» **Extracted data**:
BEGIN
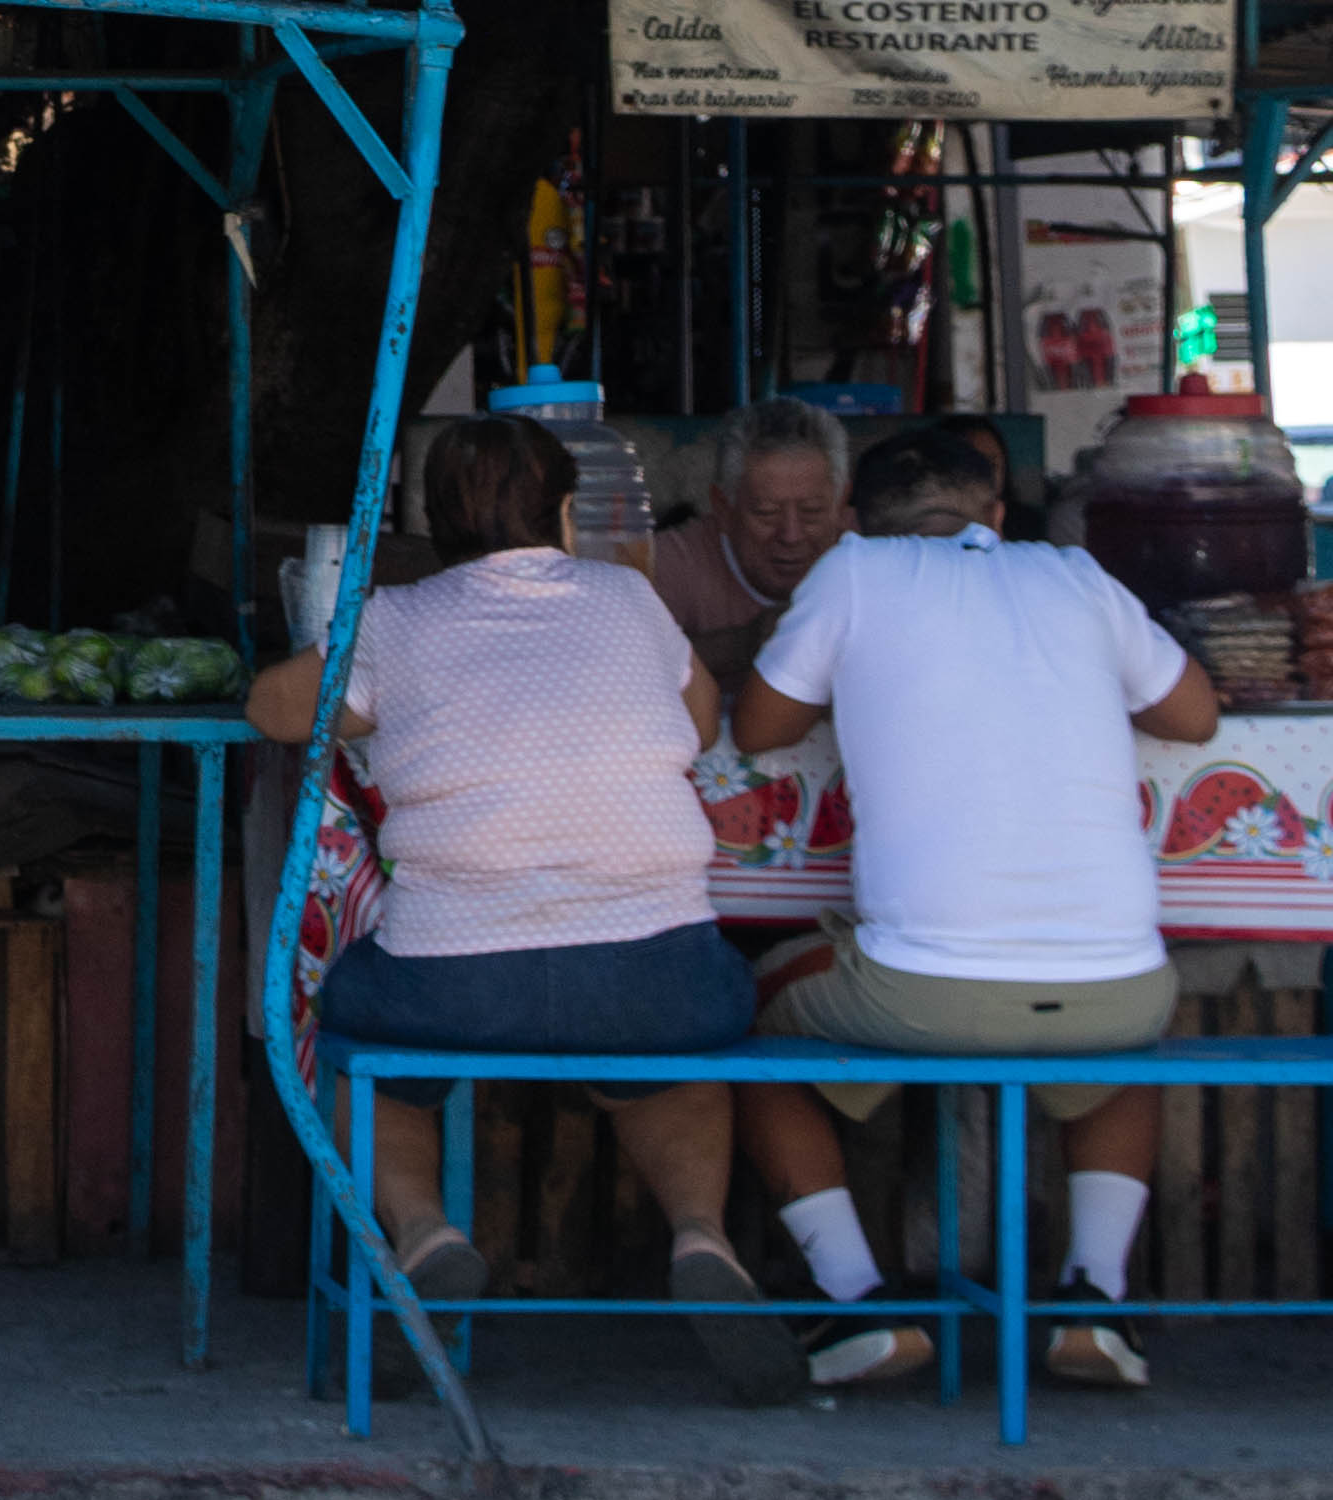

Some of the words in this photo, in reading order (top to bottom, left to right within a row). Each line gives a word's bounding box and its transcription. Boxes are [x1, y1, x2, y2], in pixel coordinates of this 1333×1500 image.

[793, 0, 831, 21] EL
[642, 16, 723, 41] Caldos
[806, 29, 1040, 52] RESTAURANTE
[1138, 23, 1227, 52] Alitas
END
» **The problem**: Quote the material in full and exactly; do not carry over its pictures.

» **Output of the task**:
Some of the words in this photo, in reading order (top to bottom, left to right within a row). Each line gives a word's bounding box and its transcription. Boxes are [x1, y1, x2, y2], in pixel coordinates of this 1333×1500 image.

[793, 0, 831, 21] EL
[642, 16, 723, 41] Caldos
[806, 29, 1040, 52] RESTAURANTE
[1138, 23, 1227, 52] Alitas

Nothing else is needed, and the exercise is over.